But even Gibbons, the singer-guitarist who is the key architect of ZZ Top’s sound, isn’t quite sure.

Speaking with him over the phone recently from a backstage office at a tour stop in Salt Lake City, one could almost see Gibbons furrowing his brow behind cheap sunglasses or stroking his titanic beard as he contemplated how ZZ Top might proceed after the current order of business--a yearlong tour to promote its “Recycler” album--is finished.

“We’re gonna be hard-pressed to write about the next sexual encounter,” Gibbons said. “It’s getting harder to be coy about it. You’ve got AIDS dominating the headlines. We’re living in a time when it seems directionless. . . . There’s a seriousness to it all. Attitudinally, you’ve got to be from another planet not to be sensitive to what’s happening on the Earth. It’s all swirling in this kind of ominous cloud.”

This sense of world uncertainty, said Gibbons, has been showing up in the music ZZ Top has been working on during pre-show warm-up jams as it plows toward the finishing stretch of a tour that began in October.

“It’s affecting us already. We’re not quite so humor-esque as times in the past. I’m not speaking of (composing) some schmaltzy cry for the ecology,” he added.

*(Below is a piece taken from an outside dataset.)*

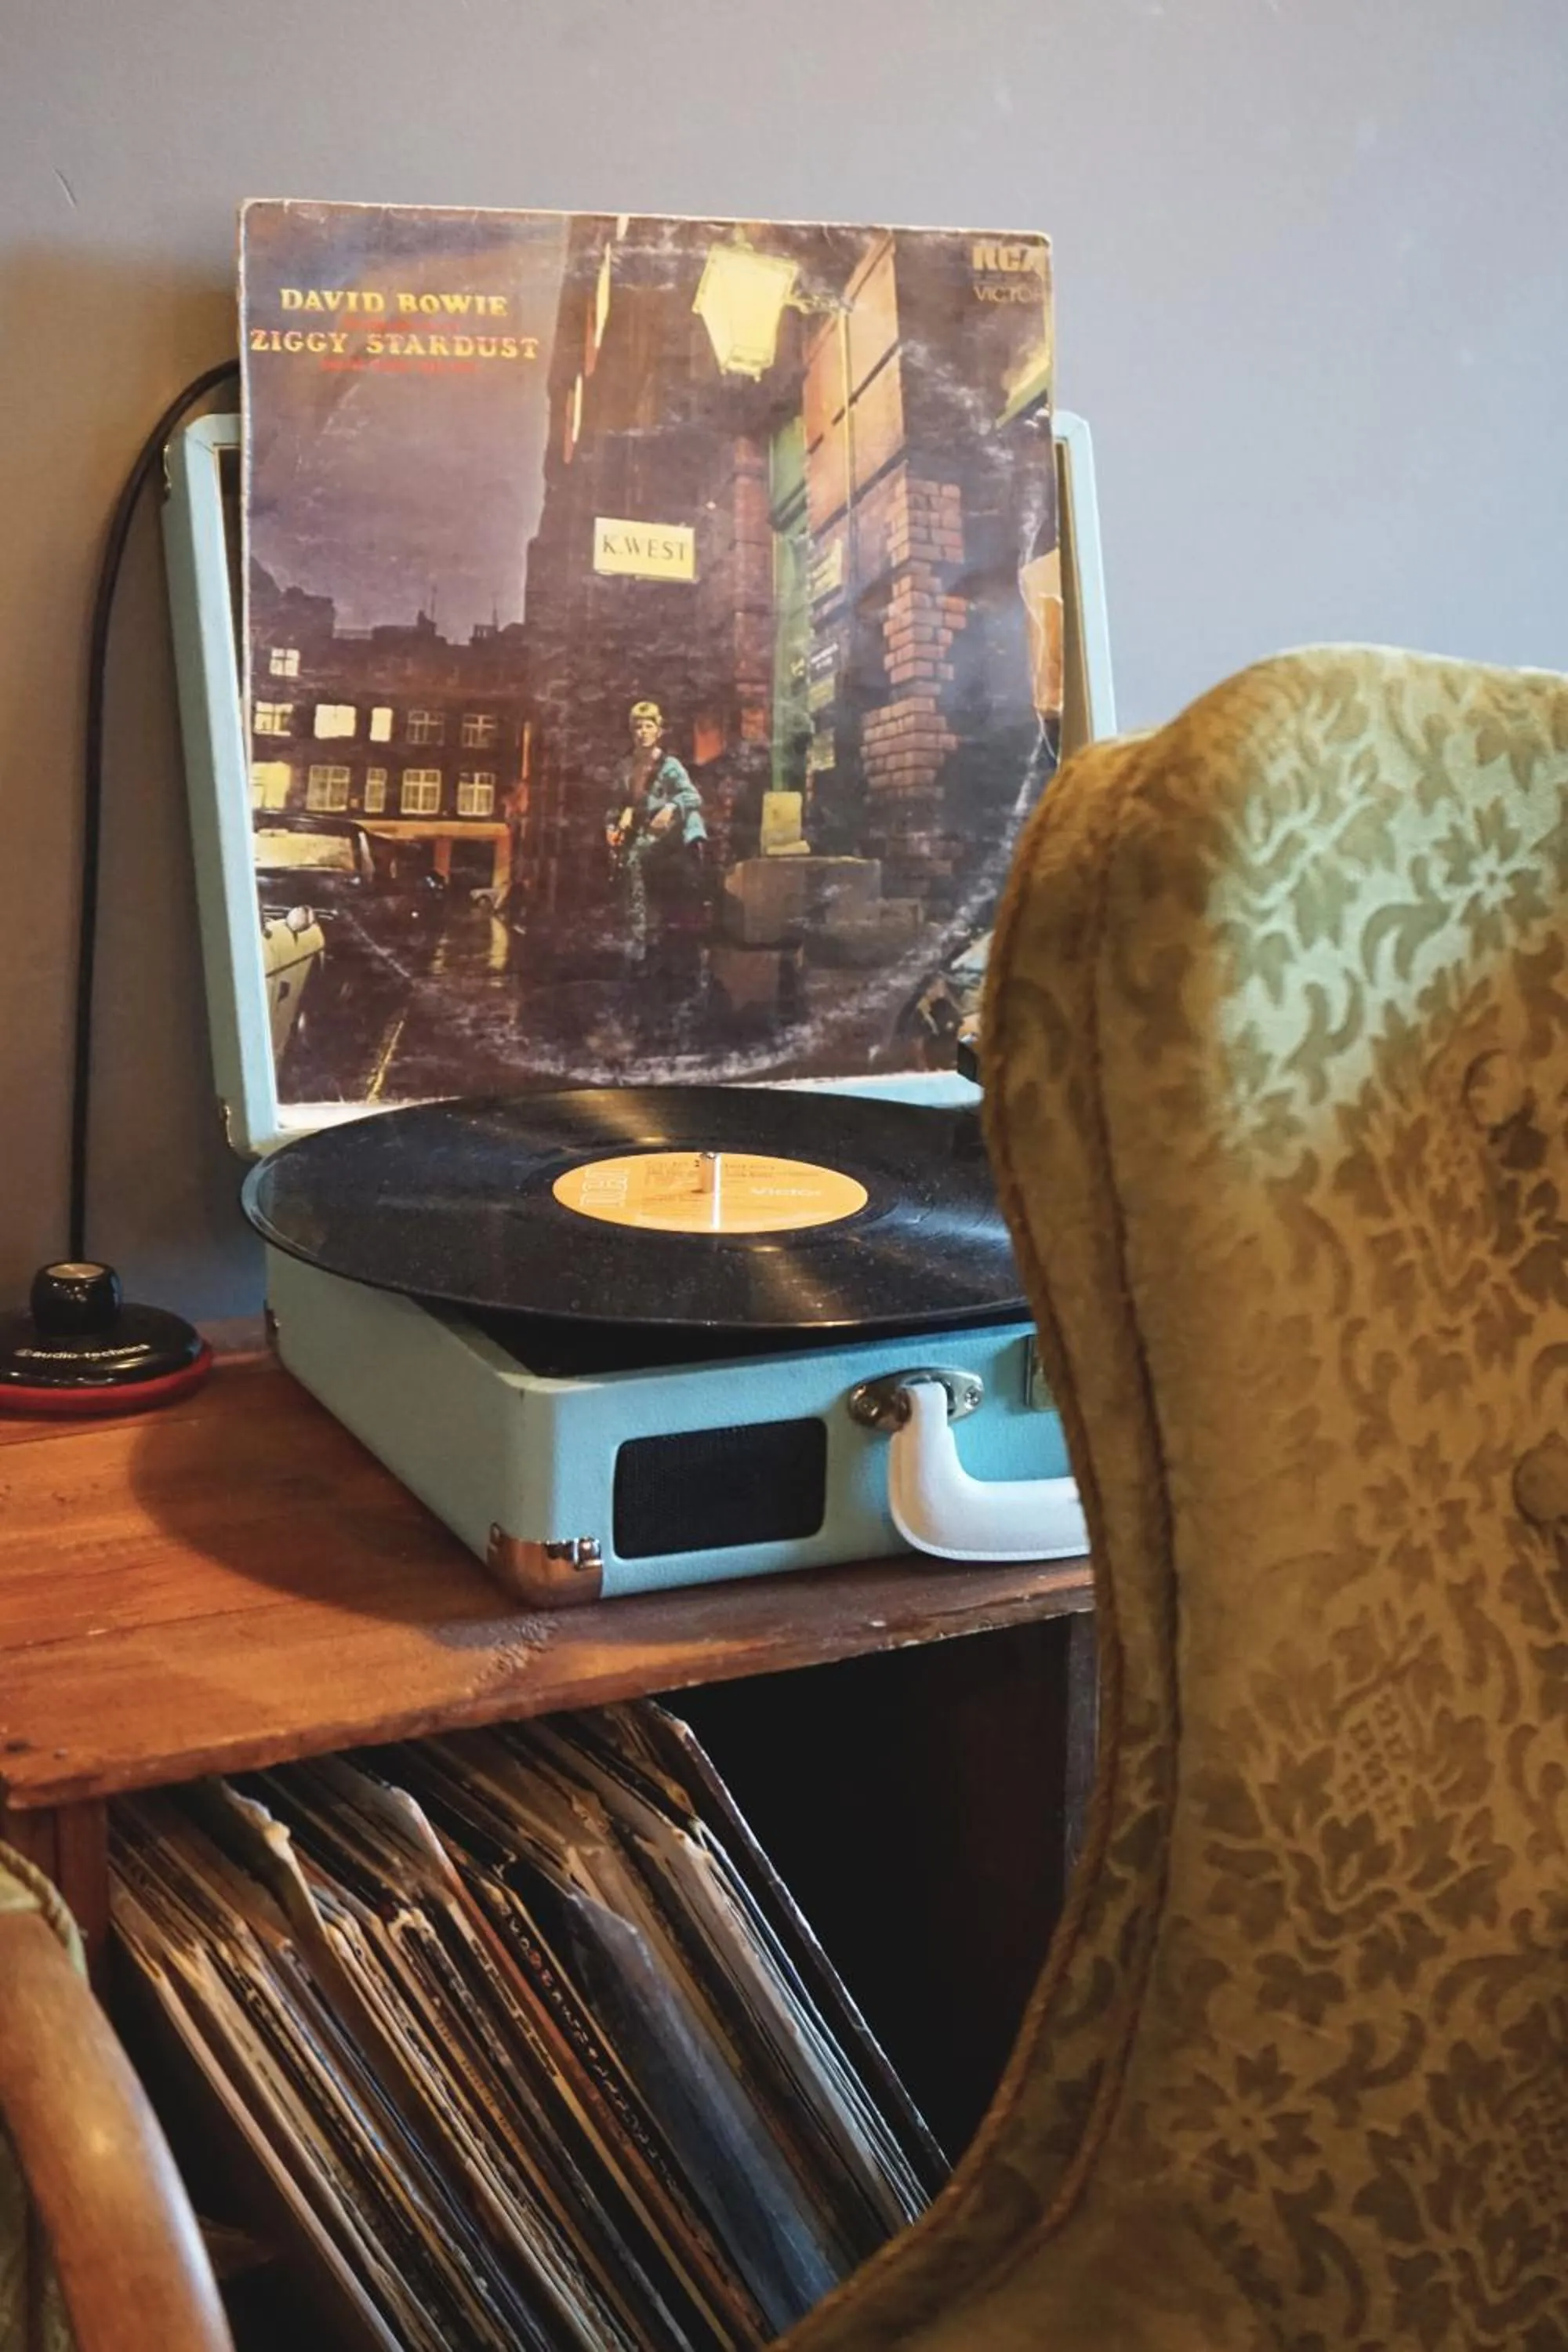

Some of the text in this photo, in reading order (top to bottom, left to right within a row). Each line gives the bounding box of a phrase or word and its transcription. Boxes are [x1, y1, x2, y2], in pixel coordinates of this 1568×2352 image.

But Gibbons said that expanding possibilities in computerized music technology, and encounters with world music during the band’s recent European tour have him looking toward the possibility of change.

“I would say just now is a time of curiosity,” said Gibbons, whose low-key, urbane speaking tone contrasted with ZZ Top’s image as a ribald, beer-drinker’s band. “It’s a little flexing of musical muscles.”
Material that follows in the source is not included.